# Premier League Scores & Fixtures Scraper

This notebook scrapes match results and fixture information from FBRef for Premier League teams.

## Imports and Setup

In [1]:
import json
import requests
from bs4 import BeautifulSoup
import pandas as pd
import time
import random
import re
from urllib.parse import urljoin, urlparse

# Headers to appear more like a regular browser
headers = {
    'User-Agent': 'Mozilla/5.0 (Windows NT 10.0; Win64; x64) AppleWebKit/537.36 (KHTML, like Gecko) Chrome/91.0.4472.124 Safari/537.36'
}

def get_page(url):
    """Fetch page with error handling and rate limiting"""
    time.sleep(random.uniform(2, 4))  # Be respectful - random delay
    
    try:
        response = requests.get(url, headers=headers)
        response.raise_for_status()
        return BeautifulSoup(response.content, 'html.parser')
    except requests.RequestException as e:
        print(f"Error fetching {url}: {e}")
        return None

  from pandas.core import (


In [2]:
def load_teams_from_json(json_filename):
    """
    Load teams data from JSON file
    
    Args:
        json_filename (str): Path to JSON file
    
    Returns:
        dict: Teams data dictionary
    """
    with open(json_filename, 'r', encoding='utf-8') as f:
        teams_data = json.load(f)

    return teams_data

# Load the teams data
all_teams = load_teams_from_json('../../data/raw/all_teams.json')
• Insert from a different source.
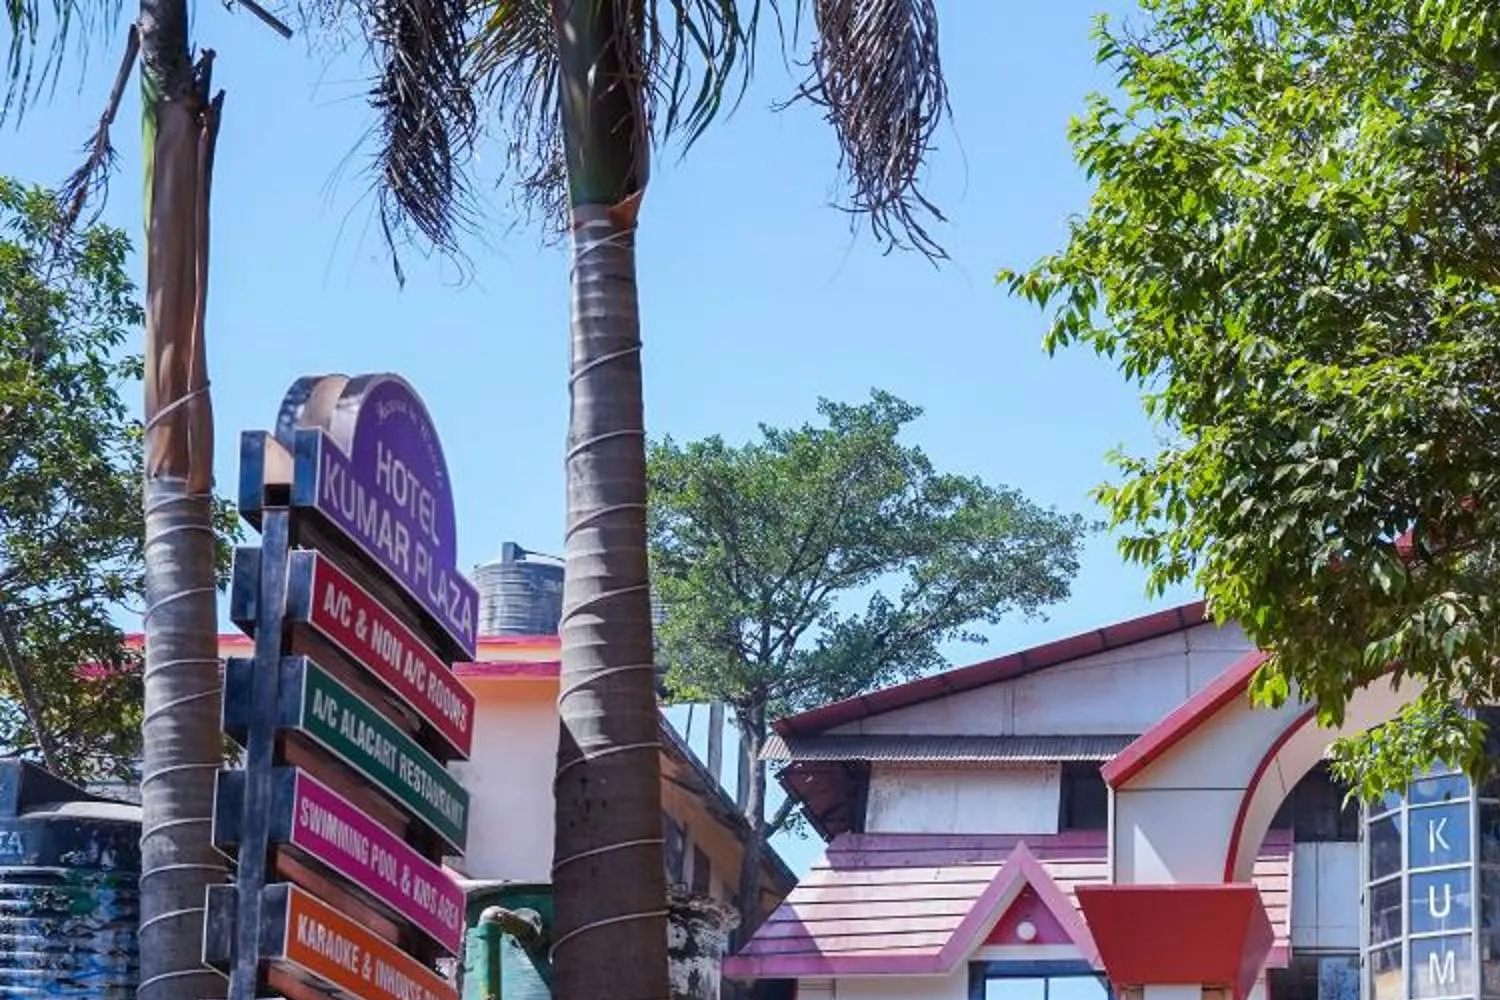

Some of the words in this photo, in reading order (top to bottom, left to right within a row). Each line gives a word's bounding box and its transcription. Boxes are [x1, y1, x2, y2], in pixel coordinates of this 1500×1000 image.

# Now you can use all_teams for wage extraction
print(f"Loaded {len(all_teams)} teams from JSON file")

Loaded 27 teams from JSON file


In [3]:
def extract_scores_fixtures(team_id, season, team_name):
    """
    Extract scores and fixtures information for a team in a specific season
    
    Args:
        team_id (str): FBRef team ID (e.g., 'b8fd03ef')
        season (str): Season in format '2023-2024'
        team_name (str): Team name for URL construction
    
    Returns:
        dict: Dictionary containing match data
    """
    # Construct the team fixtures URL
    team_name_url = team_name.replace(' ', '-').replace("'", "")
    url = f"https://fbref.com/en/squads/{team_id}/{season}/all_comps/{team_name_url}-Stats-All-Competitions"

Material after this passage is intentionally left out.